In the hours after credit-reporting giant Equifax Inc. disclosed a massive data breach, consumers and businesses were left scrambling Friday to piece together the implications. But a range of consequences could affect Equifax itself as the Atlanta-based company struggles to recover from an epic hack that affected potentially 143 million records.
Thursday’s disclosure has driven the company’s stock down 17% in early trading and is likely to invite regulatory and investor scrutiny. Already, payments implications are emerging. Some 209,000 of the records compromised included credit card information, the company said, opening the possibility of scrutiny by the card industry and penalties under the Payment Card Industry data-security standard.
“PCI fines are certainly among the many things that [Equifax] will have to worry about in the wake of this breach,” says Julie Conroy, research director at Boston-based consultancy Aite Group, in an email message. “They will also likely face increased scrutiny from the [Consumer Financial Protection Bureau] and other regulators,” she adds.

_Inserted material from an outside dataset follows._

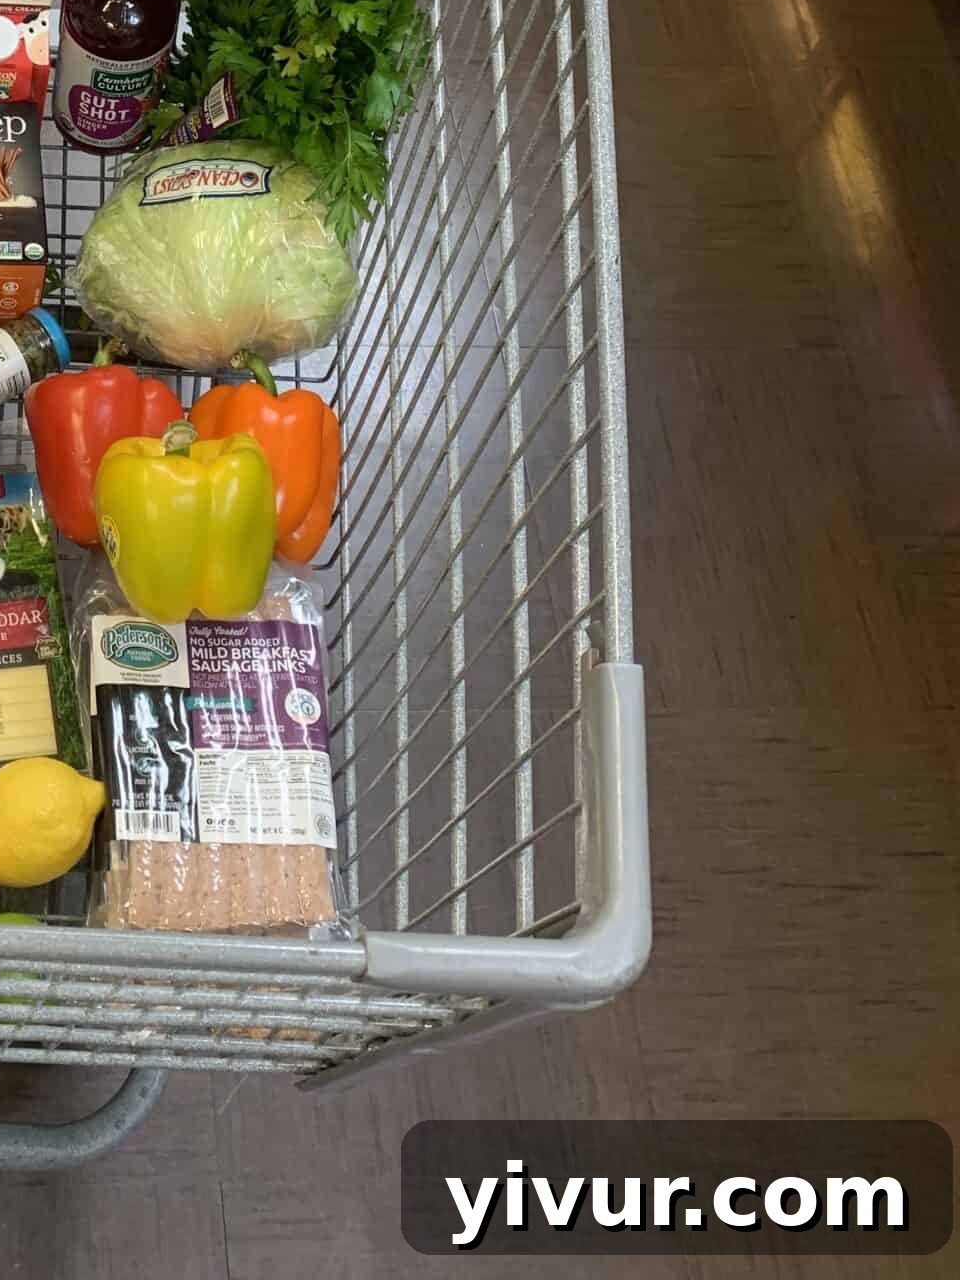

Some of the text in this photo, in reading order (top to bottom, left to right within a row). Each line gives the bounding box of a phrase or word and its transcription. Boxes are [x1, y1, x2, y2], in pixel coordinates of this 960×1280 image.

The breach, which Equifax reportedly discovered in late July, also affected other sensitive information, including names, Social Security numbers, birth dates, and addresses, the company said Thursday. In some cases, the hackers also accessed driver’s license numbers, Equifax said.
The company said the breach occurred from the middle of May through July. Since then, it said, it has not detected any unauthorized activity in its “core” consumer and business databases. Hackers broke in by exploiting a vulnerability in a U.S. Web-site application, according to Equifax’s release. The company has set up a Web site where persons can find out if their data have been affected, though at least some users were reportedly receiving unclear information, according to Bloomberg.com.
In addition to possible PCI penalties and regulatory scrutiny, the company is already facing shareholder lawsuits, as well as a class-action case filed on behalf of consumers.
Equifax is offering consumers, free of charge for one year, a service that monitors credit-bureau information and provides identity-theft protection. But that offer will punch a hole in the company’s consumer-based revenue, points out Conroy. The offer “could also have downstream impacts on other providers of identity-theft protection services, since [potentially] 143 million consumers will now be receiving protection for free,” she notes. All in all, this is “not a good day to be sitting in the C-suite at Equifax,” says Conroy.
Equifax says it discovered the hack on July 29 and “promptly” hired an unnamed cybersecurity company to conduct a forensic investigation. That investigation is now “substantially” complete, Equifax says, but is still “ongoing” and will be completed within a few weeks. Equifax also reported the intrusion to law-enforcement authorities.
The Equifax breach comes during a year of enormous data leaks, including a breach of the SynXis Central Reservations system operated by Sabre, a global travel technology provider. Sabre said on its Web site more than 36,000 properties use the service, but did not disclose how many records, such as cardholder names and payment card numbers, might have been exposed.